Here is an example of a small finite state machine, expressed in SMV. It starts in a state ``idle'' and waits for a signal ``start'' to be asserted. On the next cycle, it changes to a state ``cyc1'', then to state ``cyc2'', then returns to ``idle''. In state ``cyc2'', it asserts a signal ``done'':
start,done : boolean;
state : {idle,cyc1,cyc2};
next(state) :=
switch(state){
idle: start ? cyc1 : idle;
cyc1: cyc2;
cyc2: idle;
};
done := (state = cyc2);
This illustrates two forms of conditional expressions in SMV. The ``switch'' operator evaluates its argument ``state'', then chooses the first expression in the curly brackets that is tagged with that value.
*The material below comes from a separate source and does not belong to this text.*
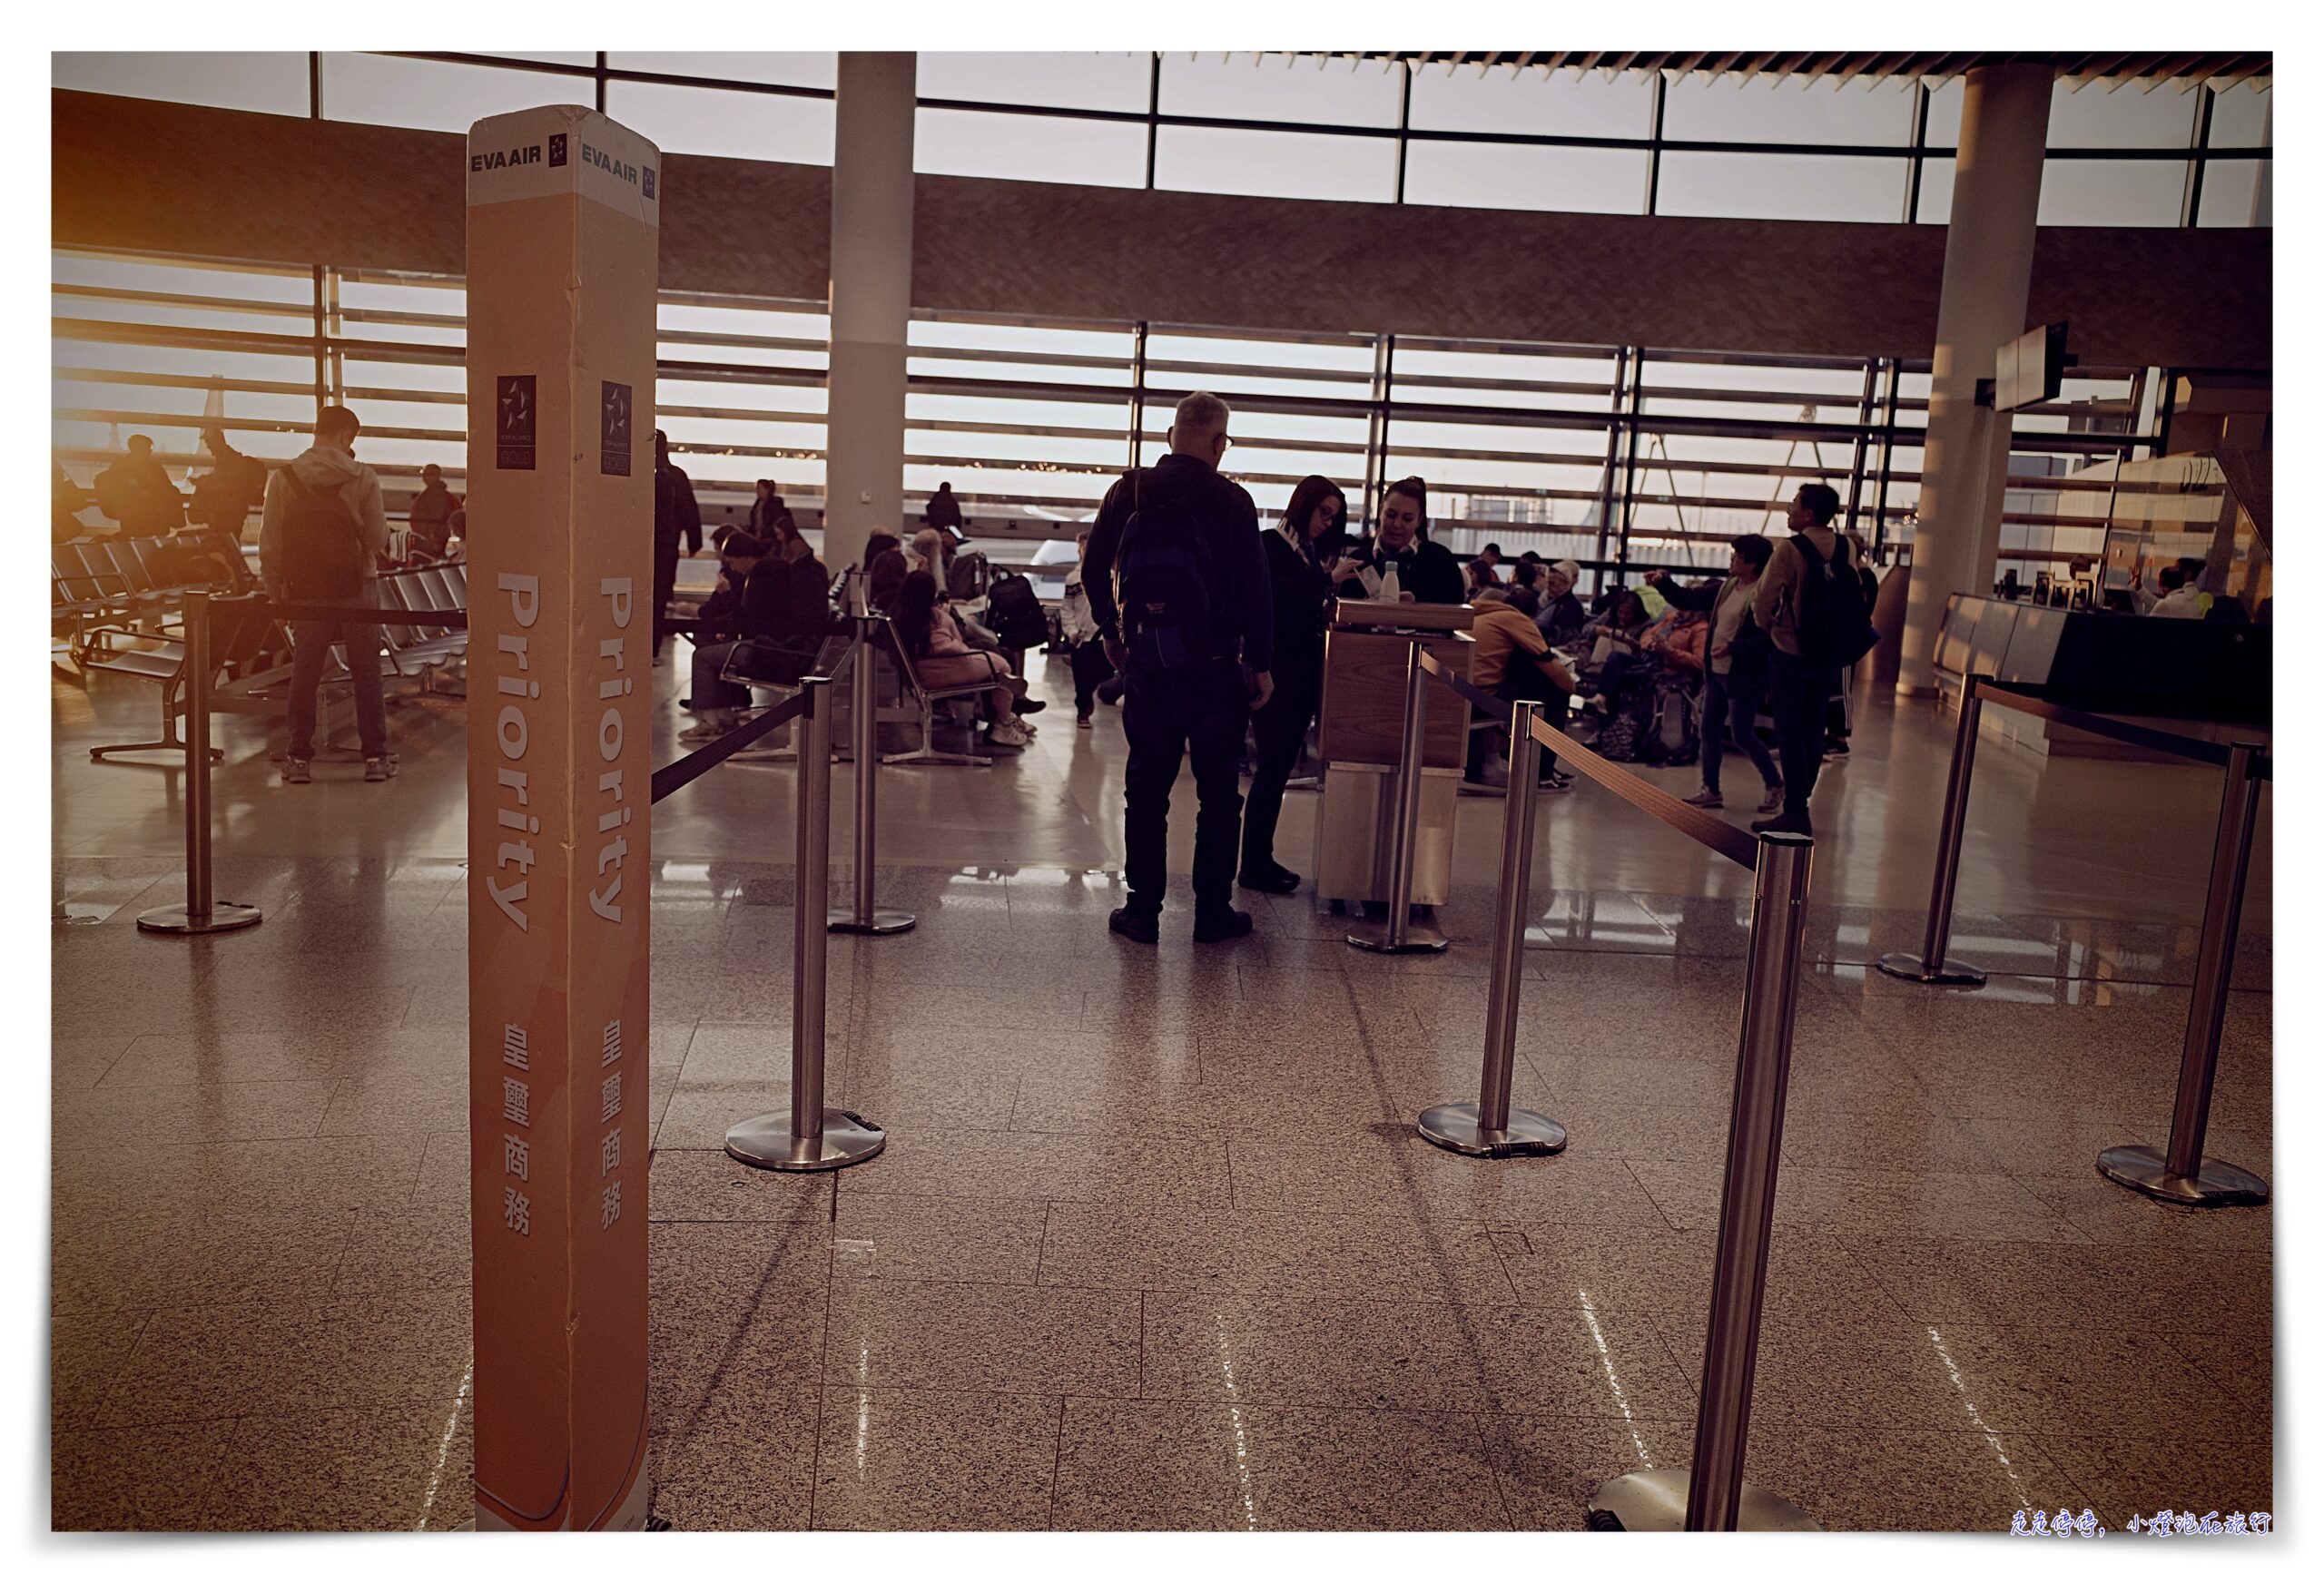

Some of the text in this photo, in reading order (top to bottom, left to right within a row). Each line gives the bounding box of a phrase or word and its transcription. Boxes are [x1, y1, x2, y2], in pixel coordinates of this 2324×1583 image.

[487, 572, 540, 933] Priority
[589, 577, 633, 924] Priority
[503, 1022, 530, 1236] 皇璽商務
[601, 1018, 623, 1231] 皇璽商務
Thus, if state = cyc1, then the value of the switch expression is cyc2. There is also a simpler form of conditional expression, that appears in the example as
start ? cyc1 : idleIf ``start'' is true, this evaluates to ``cyc1'', else to ``idle''.
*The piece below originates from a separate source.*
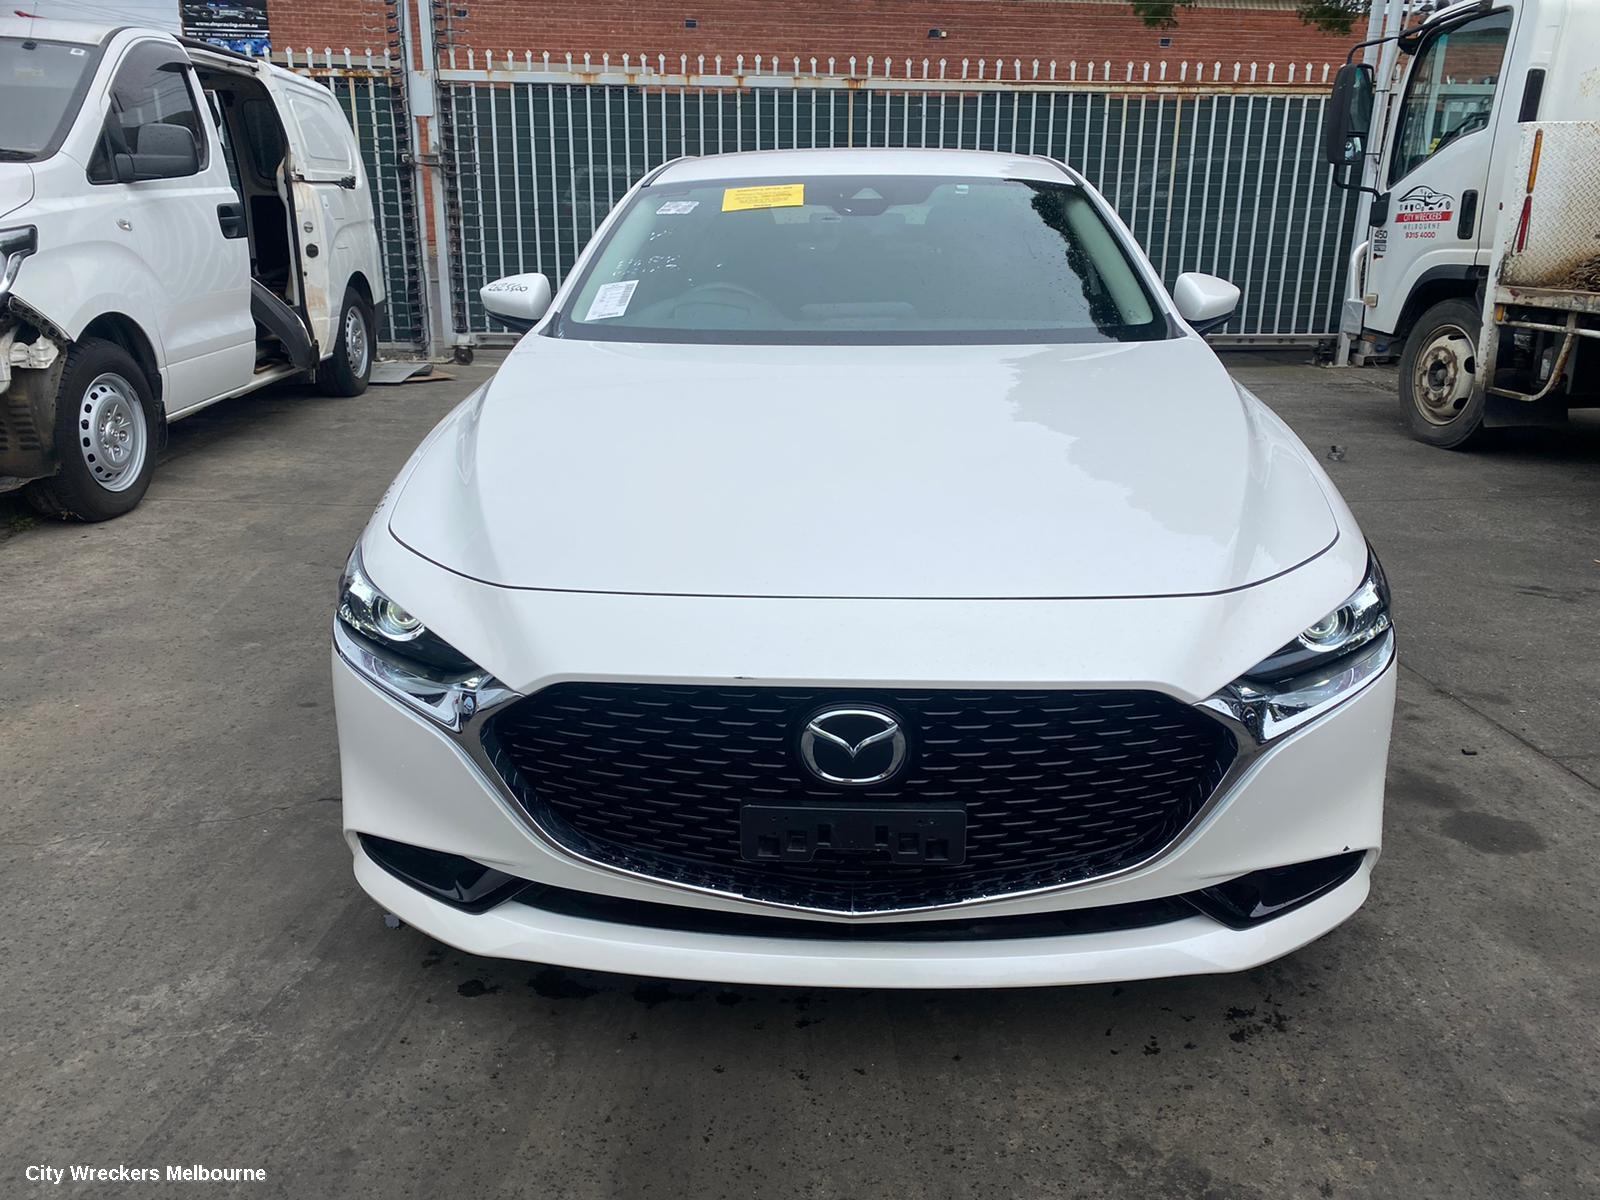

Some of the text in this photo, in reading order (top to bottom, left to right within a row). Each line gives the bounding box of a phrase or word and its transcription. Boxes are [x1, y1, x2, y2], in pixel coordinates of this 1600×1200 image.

[1403, 212, 1442, 222] CITY WRECKERS
[1374, 230, 1388, 239] 450
The above state machine can be expressed more ``procedurally'' using the structural conditional constructs describe in the next section. We would write:
default done := 0;
in switch(state){
idle:
if start then next(state) := cyc1;
cyc1:
next(state) := cyc2;
cyc2:
next(state) := cyc2;
done := 1;
}
This style of expression is semantically equivalent to the previous
one, but can be much more readable for large complex state machines.